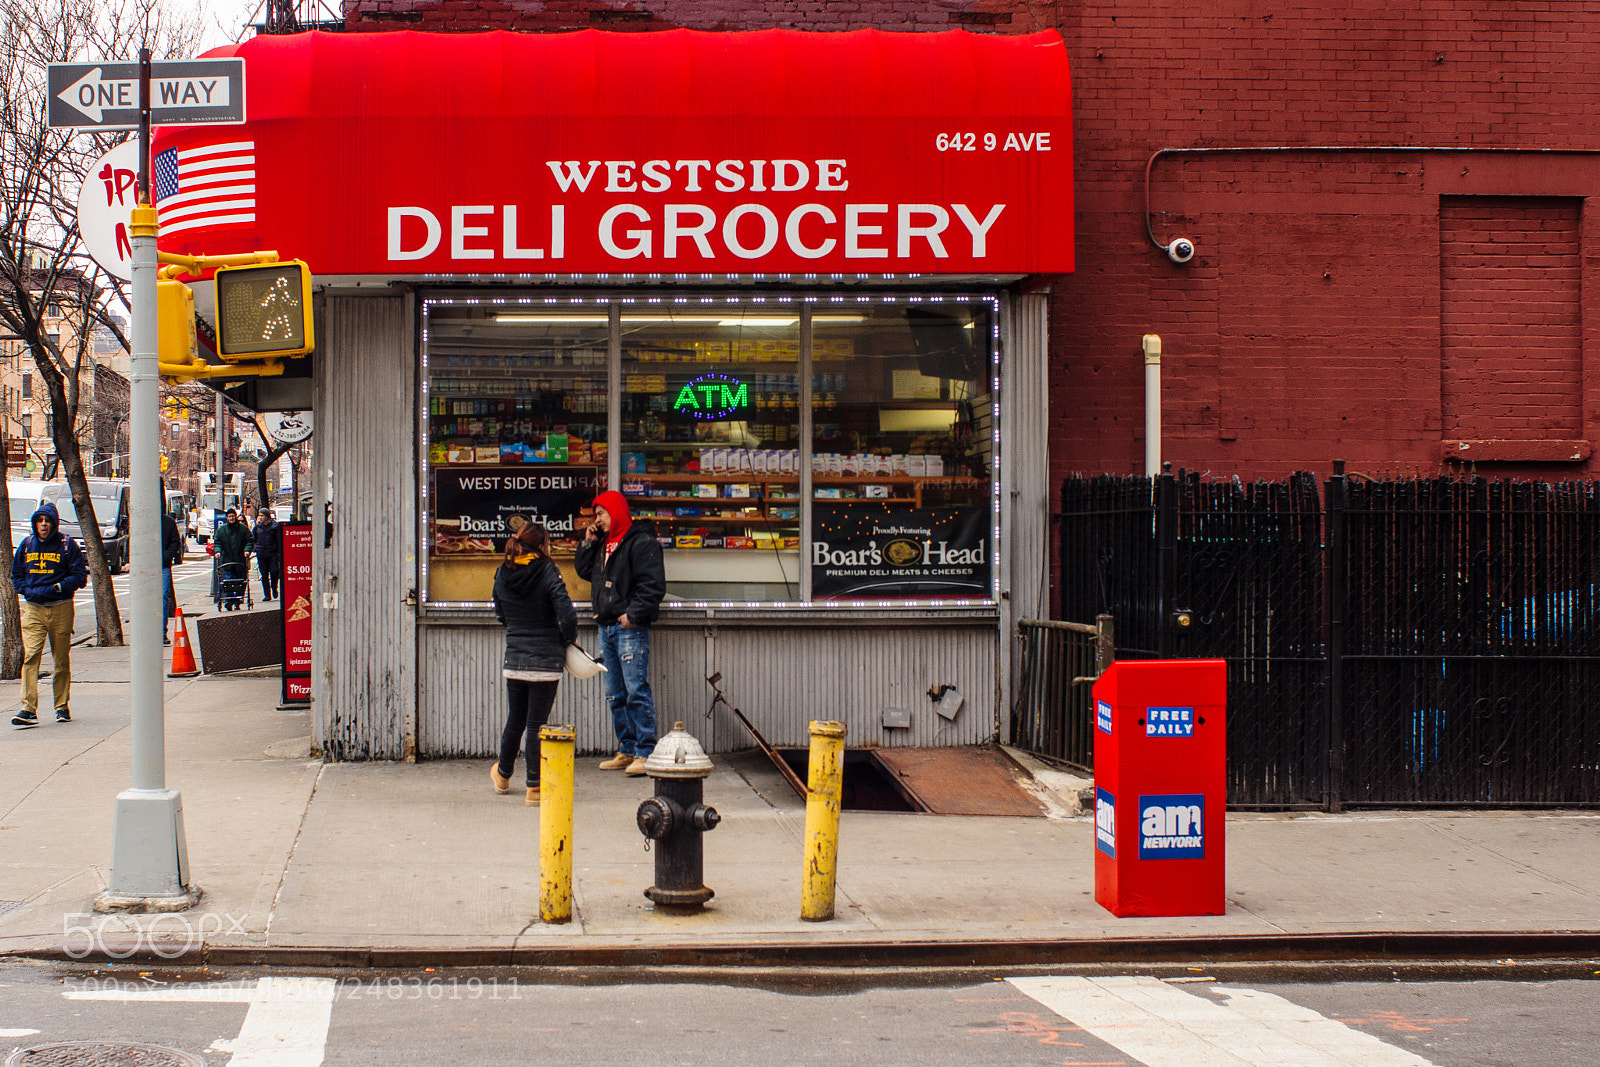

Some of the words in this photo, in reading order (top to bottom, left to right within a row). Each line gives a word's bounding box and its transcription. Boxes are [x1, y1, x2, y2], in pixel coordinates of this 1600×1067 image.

[78, 83, 132, 107] ONE
[160, 80, 217, 105] WAY
[936, 132, 977, 152] 642
[983, 132, 997, 151] 9
[1002, 131, 1052, 152] AVE
[545, 158, 849, 194] WESTSIDE
[386, 204, 566, 260] DELI
[597, 202, 1006, 260] GROCERY
[673, 383, 748, 409] ATM
[459, 477, 501, 490] WEST
[504, 477, 537, 490] SIDE
[540, 476, 572, 490] DELI
[459, 514, 505, 532] Boar's
[531, 513, 574, 531] Head
[872, 525, 898, 535] Proudly
[899, 526, 932, 536] Featuring
[812, 540, 882, 566] Boar's
[921, 538, 986, 565] Head
[287, 565, 311, 574] $5.00
[1098, 703, 1112, 719] FREE
[1150, 710, 1190, 721] FREE
[1098, 715, 1112, 732] DAILY
[1146, 723, 1194, 734] DAILY
[1141, 805, 1202, 836] am
[1143, 836, 1203, 849] NEWYORK
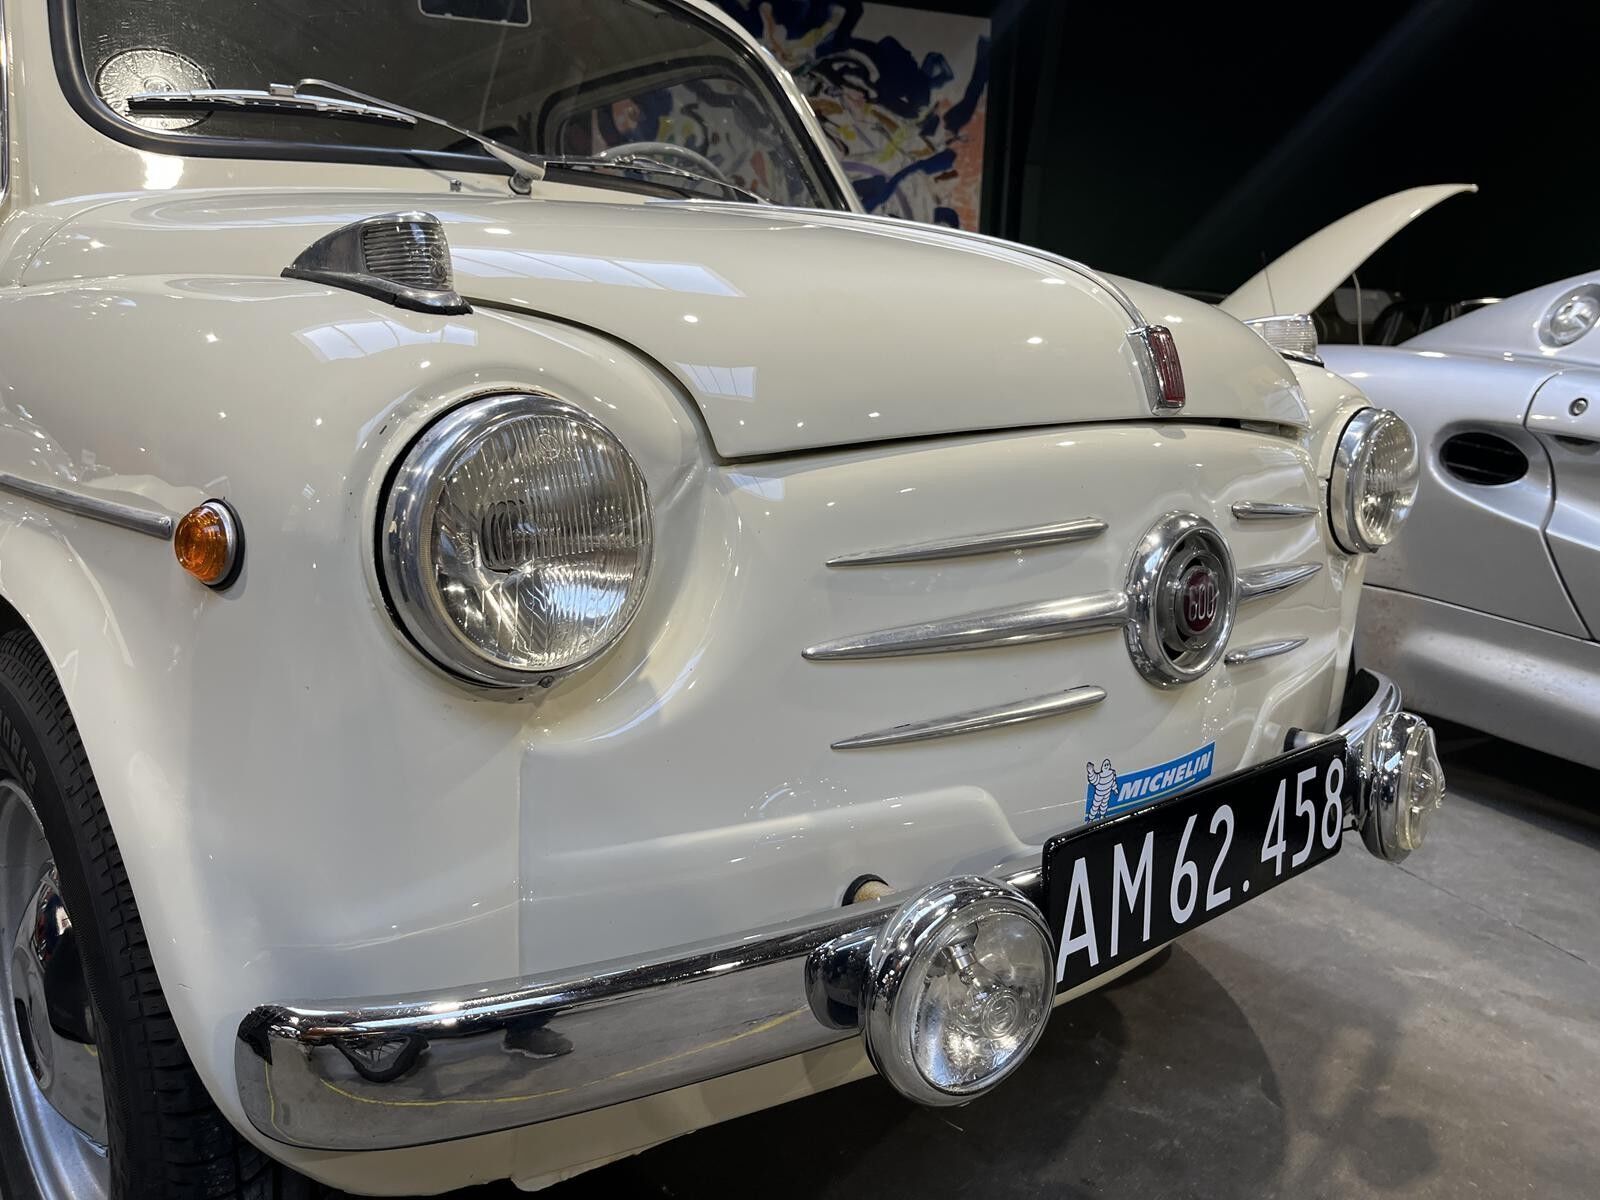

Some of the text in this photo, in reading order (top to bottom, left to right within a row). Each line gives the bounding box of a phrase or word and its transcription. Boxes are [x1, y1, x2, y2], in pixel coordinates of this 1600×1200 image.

[1188, 582, 1214, 621] 600
[1117, 751, 1211, 802] MICHELIN
[1056, 758, 1344, 984] AM 62.458
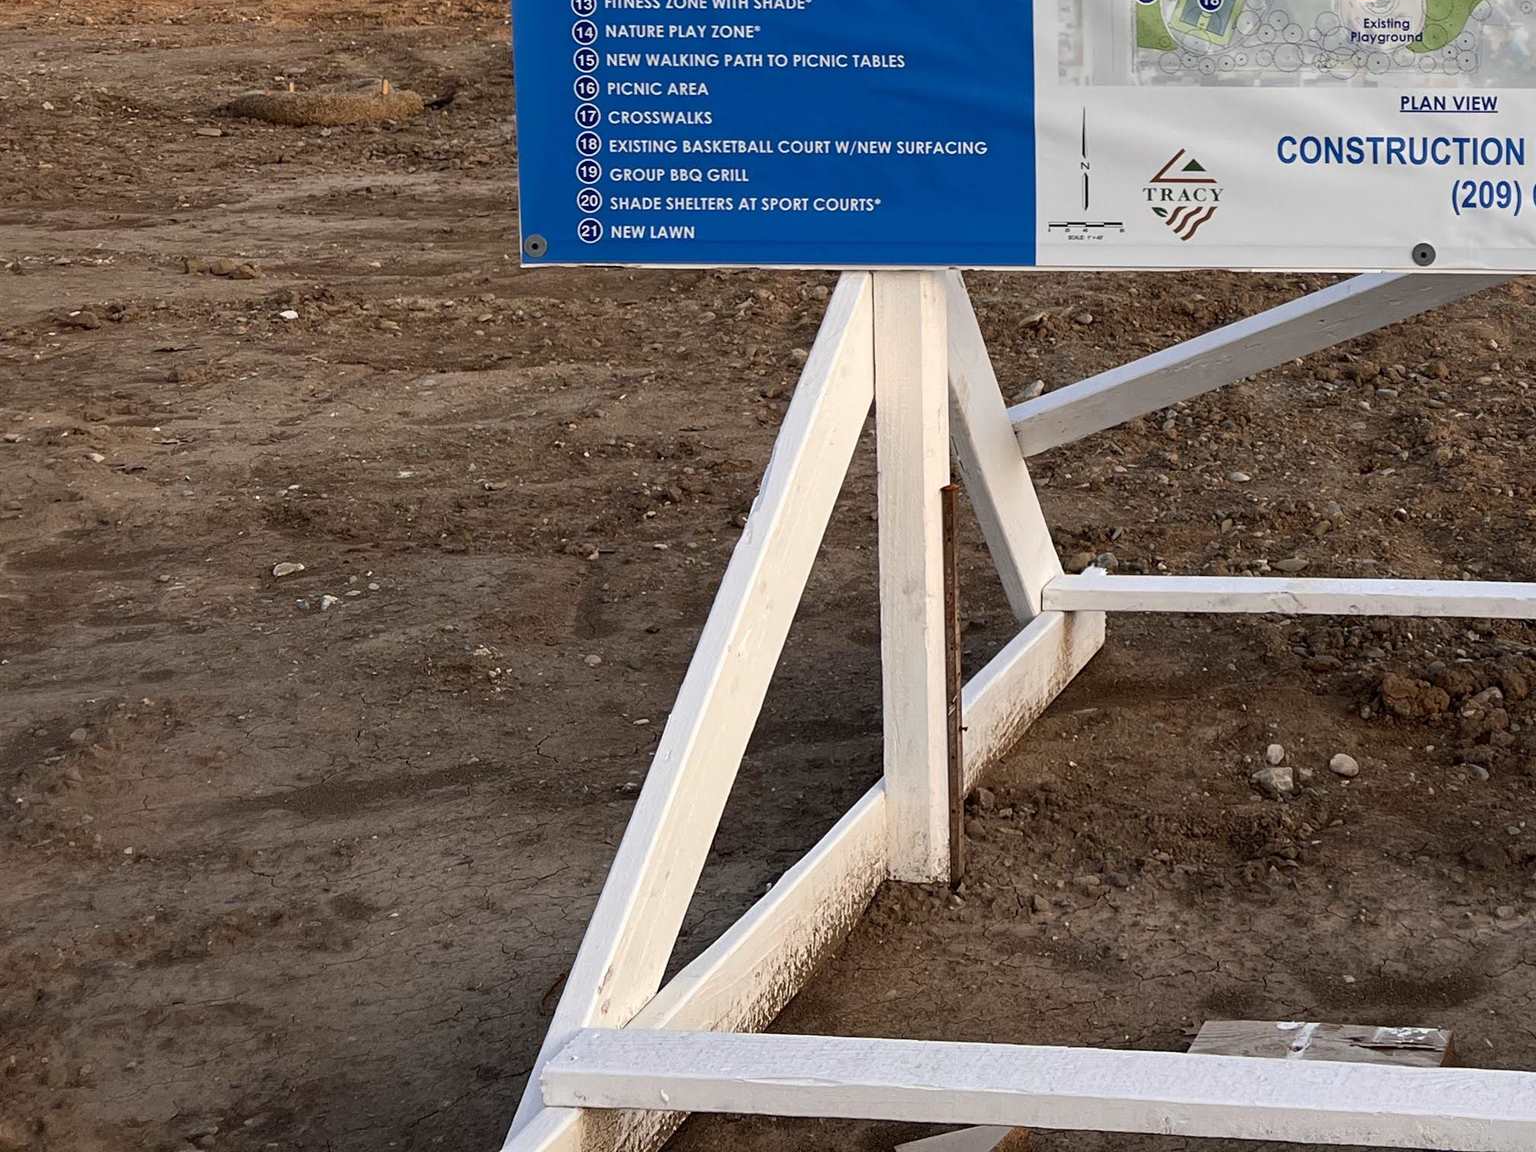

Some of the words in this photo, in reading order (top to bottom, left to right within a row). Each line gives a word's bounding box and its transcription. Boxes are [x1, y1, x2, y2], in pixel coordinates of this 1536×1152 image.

[606, 25, 664, 37] NATURE
[669, 25, 706, 37] PLAY
[1363, 19, 1410, 30] Existing
[1350, 32, 1423, 44] Playground
[607, 54, 641, 66] NEW
[646, 54, 719, 66] WALKING
[725, 54, 762, 66] PATH
[767, 54, 788, 67] TO
[793, 55, 847, 67] PICNIC
[852, 55, 905, 67] TABLES
[608, 83, 662, 95] PICNIC
[668, 83, 708, 95] AREA
[1401, 96, 1446, 111] PLAN
[1453, 96, 1498, 111] VIEW
[608, 111, 712, 124] CROSSWALKS
[610, 140, 677, 153] EXISTING
[683, 140, 773, 153] BASKETBALL
[778, 141, 830, 153] COURT
[835, 141, 891, 155] W/NEW
[897, 141, 987, 154] SURFACING
[1277, 136, 1525, 166] CONSTRUCTION
[610, 169, 665, 181] GROUP
[671, 169, 702, 182] BBQ
[707, 169, 748, 181] GRILL
[1143, 188, 1223, 202] TRACY
[1451, 180, 1519, 216] (209)
[611, 197, 661, 209] SHADE
[666, 197, 733, 210] SHELTERS
[738, 198, 757, 210] AT
[762, 198, 808, 210] SPORT
[611, 226, 645, 238] NEW
[651, 226, 694, 238] LAWN
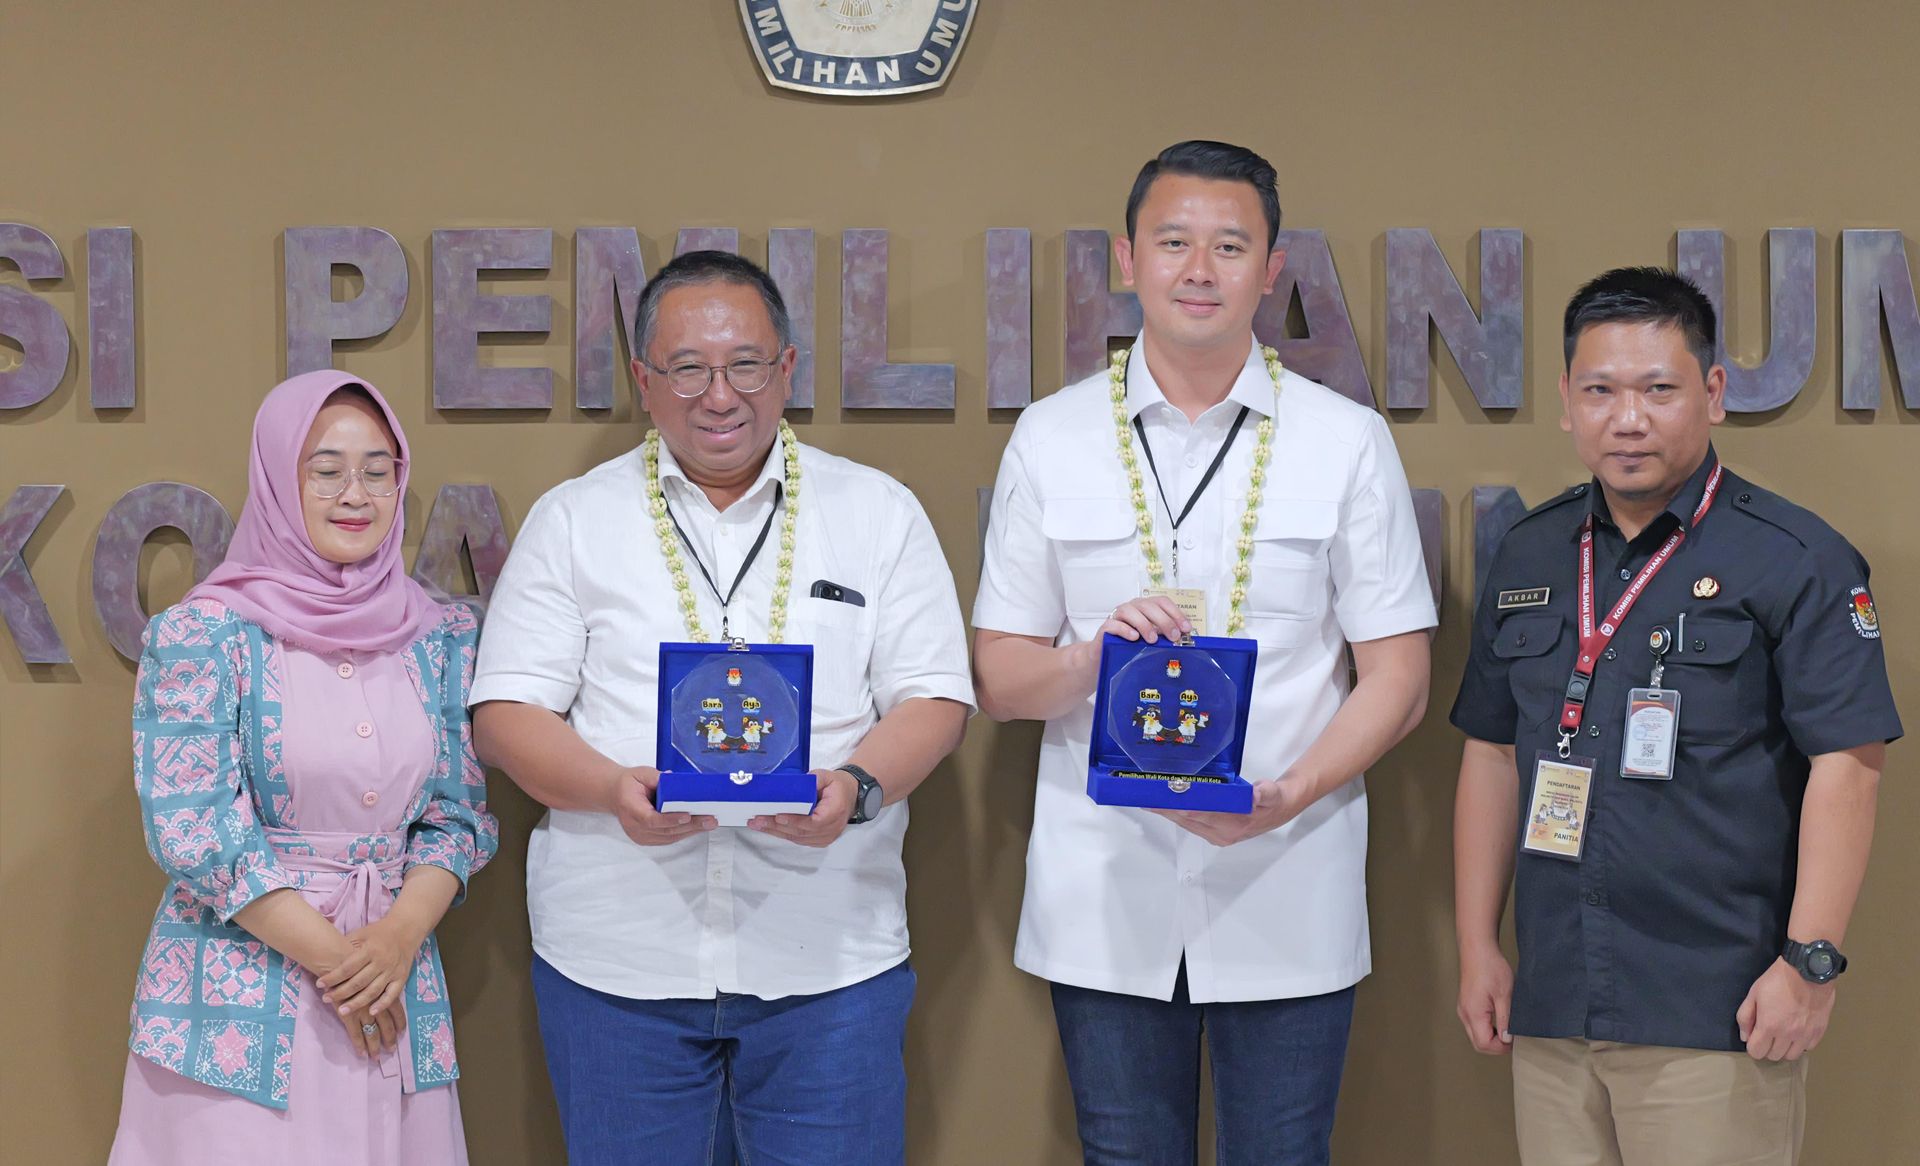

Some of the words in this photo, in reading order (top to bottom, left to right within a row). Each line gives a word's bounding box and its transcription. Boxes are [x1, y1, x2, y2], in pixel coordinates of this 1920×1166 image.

[1612, 593, 1633, 620] KOMISI
[1631, 556, 1662, 594] PEMILIHAN
[1660, 535, 1680, 557] UMUM
[1508, 593, 1539, 602] AKBAR
[1583, 615, 1591, 638] UMUM
[1181, 693, 1198, 702] Aya
[702, 700, 722, 708] Bara
[743, 700, 760, 709] Aya
[1554, 832, 1579, 842] PANITIA

◆ **BRIEF**
Exact copy, no pictures: please print every record above as written.

◆ **SOLVED EXERCISE**
Some of the words in this photo, in reading order (top to bottom, left to right within a row). Each line gives a word's bounding box and its transcription. Boxes are [x1, y1, x2, y2], in pixel coordinates of this 1600×1067 image.

[78, 83, 132, 107] ONE
[160, 80, 217, 105] WAY
[936, 132, 977, 152] 642
[983, 132, 997, 151] 9
[1002, 131, 1052, 152] AVE
[545, 158, 849, 194] WESTSIDE
[386, 204, 566, 260] DELI
[597, 202, 1006, 260] GROCERY
[673, 383, 748, 409] ATM
[459, 477, 501, 490] WEST
[504, 477, 537, 490] SIDE
[540, 476, 572, 490] DELI
[459, 514, 505, 532] Boar's
[531, 513, 574, 531] Head
[872, 525, 898, 535] Proudly
[899, 526, 932, 536] Featuring
[812, 540, 882, 566] Boar's
[921, 538, 986, 565] Head
[287, 565, 311, 574] $5.00
[1098, 703, 1112, 719] FREE
[1150, 710, 1190, 721] FREE
[1098, 715, 1112, 732] DAILY
[1146, 723, 1194, 734] DAILY
[1141, 805, 1202, 836] am
[1143, 836, 1203, 849] NEWYORK

Some of the text in this photo, in reading order (top to bottom, left to right within a row). Each line gives the bounding box of a phrase or word and its transcription. Boxes are [x1, y1, x2, y2], in pixel coordinates of this 1600×1200 image.

[1188, 582, 1214, 621] 600
[1117, 751, 1211, 802] MICHELIN
[1056, 758, 1344, 984] AM 62.458

Some of the words in this photo, in reading order (top to bottom, left to right within a row). Each line gives a word's bounding box and its transcription. Boxes are [x1, y1, x2, y2], in pixel coordinates of this 1536×1152 image.

[606, 25, 664, 37] NATURE
[669, 25, 706, 37] PLAY
[1363, 19, 1410, 30] Existing
[1350, 32, 1423, 44] Playground
[607, 54, 641, 66] NEW
[646, 54, 719, 66] WALKING
[725, 54, 762, 66] PATH
[767, 54, 788, 67] TO
[793, 55, 847, 67] PICNIC
[852, 55, 905, 67] TABLES
[608, 83, 662, 95] PICNIC
[668, 83, 708, 95] AREA
[1401, 96, 1446, 111] PLAN
[1453, 96, 1498, 111] VIEW
[608, 111, 712, 124] CROSSWALKS
[610, 140, 677, 153] EXISTING
[683, 140, 773, 153] BASKETBALL
[778, 141, 830, 153] COURT
[835, 141, 891, 155] W/NEW
[897, 141, 987, 154] SURFACING
[1277, 136, 1525, 166] CONSTRUCTION
[610, 169, 665, 181] GROUP
[671, 169, 702, 182] BBQ
[707, 169, 748, 181] GRILL
[1143, 188, 1223, 202] TRACY
[1451, 180, 1519, 216] (209)
[611, 197, 661, 209] SHADE
[666, 197, 733, 210] SHELTERS
[738, 198, 757, 210] AT
[762, 198, 808, 210] SPORT
[611, 226, 645, 238] NEW
[651, 226, 694, 238] LAWN

Some of the words in this photo, in reading order (top to bottom, left to right within a row). Each line gives a word's bounding box and its transcription. Boxes are [x1, y1, x2, y2], in pixel coordinates of this 1920×1166 image.

[1612, 593, 1633, 620] KOMISI
[1631, 556, 1662, 594] PEMILIHAN
[1660, 535, 1680, 557] UMUM
[1508, 593, 1539, 602] AKBAR
[1583, 615, 1591, 638] UMUM
[1181, 693, 1198, 702] Aya
[702, 700, 722, 708] Bara
[743, 700, 760, 709] Aya
[1554, 832, 1579, 842] PANITIA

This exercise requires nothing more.